*** Material for this task Section Begins ***
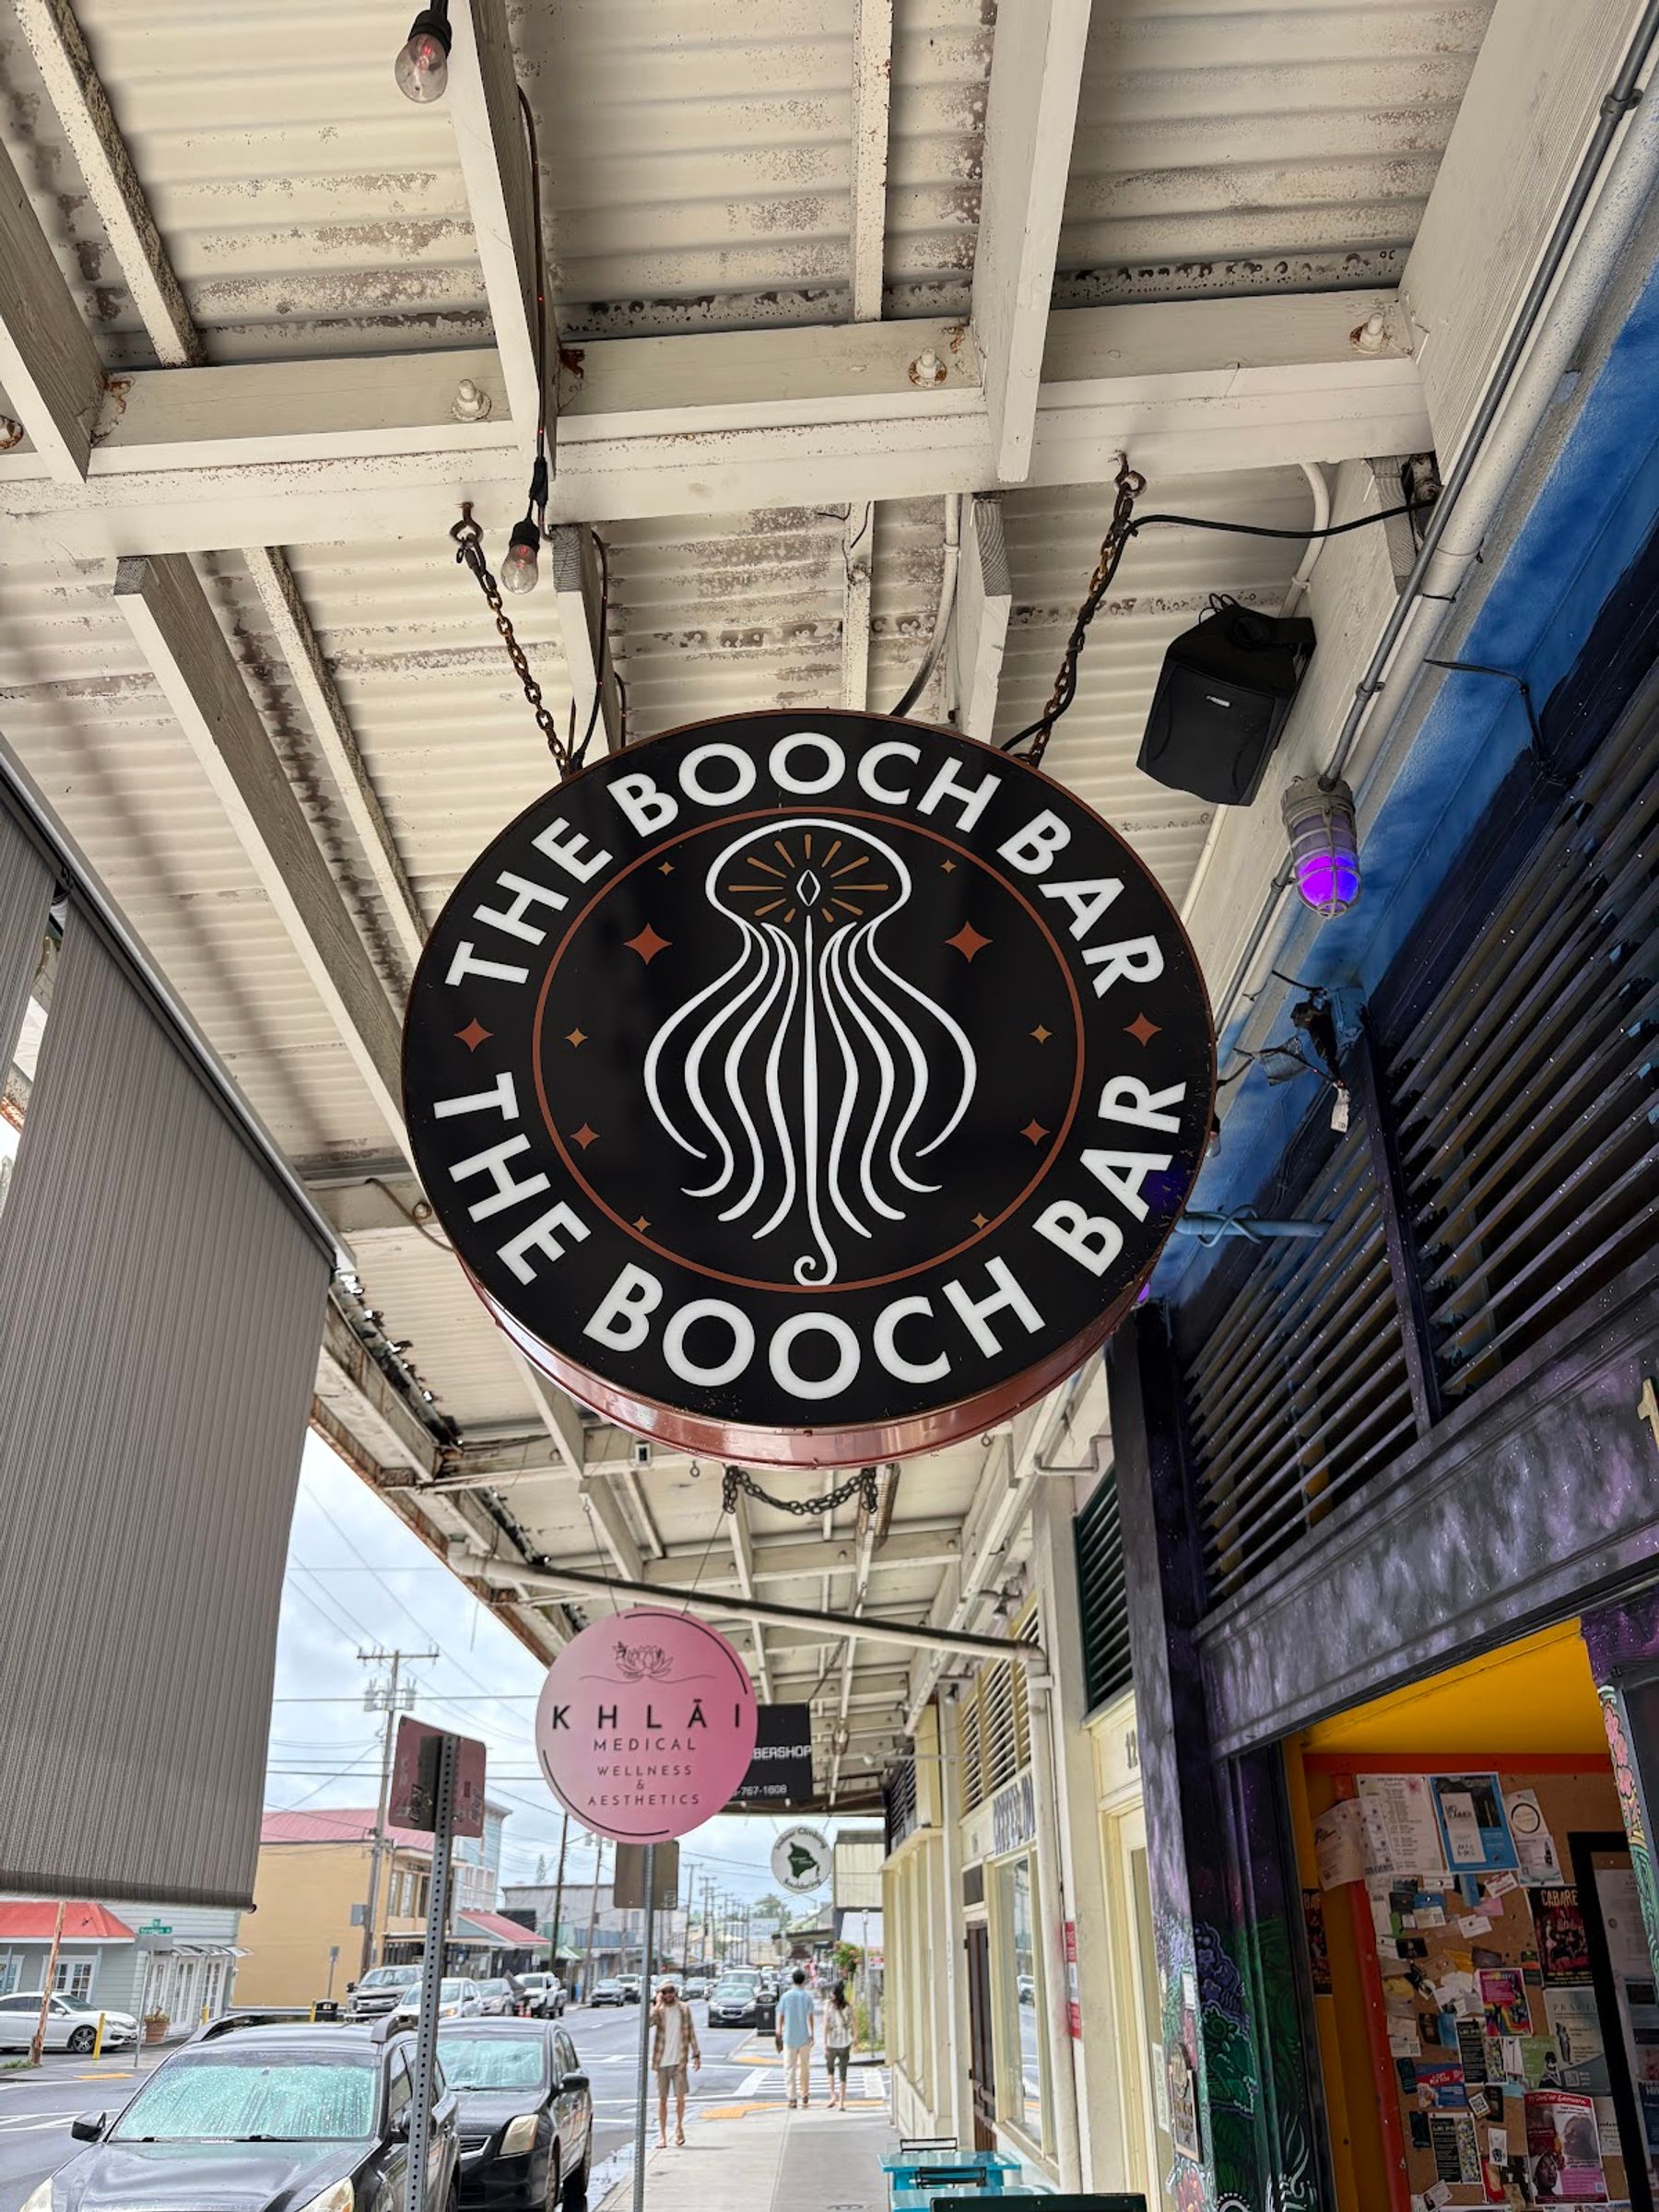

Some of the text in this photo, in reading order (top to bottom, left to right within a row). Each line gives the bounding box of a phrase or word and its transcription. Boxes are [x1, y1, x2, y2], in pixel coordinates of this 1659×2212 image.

[445, 732, 1164, 998] THE BOOCH BAR
[433, 1071, 1186, 1400] THE BOOCH BAR
[594, 1737, 697, 1751] MEDICAL
[753, 1745, 812, 1759] BERSHOP
[597, 1764, 692, 1776] WELLNESS
[636, 1779, 644, 1790] &
[587, 1794, 700, 1806] AESTHETICS
[1541, 1889, 1579, 1907] CABARE
*** Material for this task Section Ends ***
Pictures should be skipped, and the records retyped word for word.

Some of the text in this photo, in reading order (top to bottom, left to right within a row). Each line gives the bounding box of a phrase or word and its transcription. Boxes are [x1, y1, x2, y2], in pixel coordinates of this 1659×2212 image.

[445, 732, 1164, 998] THE BOOCH BAR
[433, 1071, 1186, 1400] THE BOOCH BAR
[594, 1737, 697, 1751] MEDICAL
[753, 1745, 812, 1759] BERSHOP
[597, 1764, 692, 1776] WELLNESS
[636, 1779, 644, 1790] &
[587, 1794, 700, 1806] AESTHETICS
[1541, 1889, 1579, 1907] CABARE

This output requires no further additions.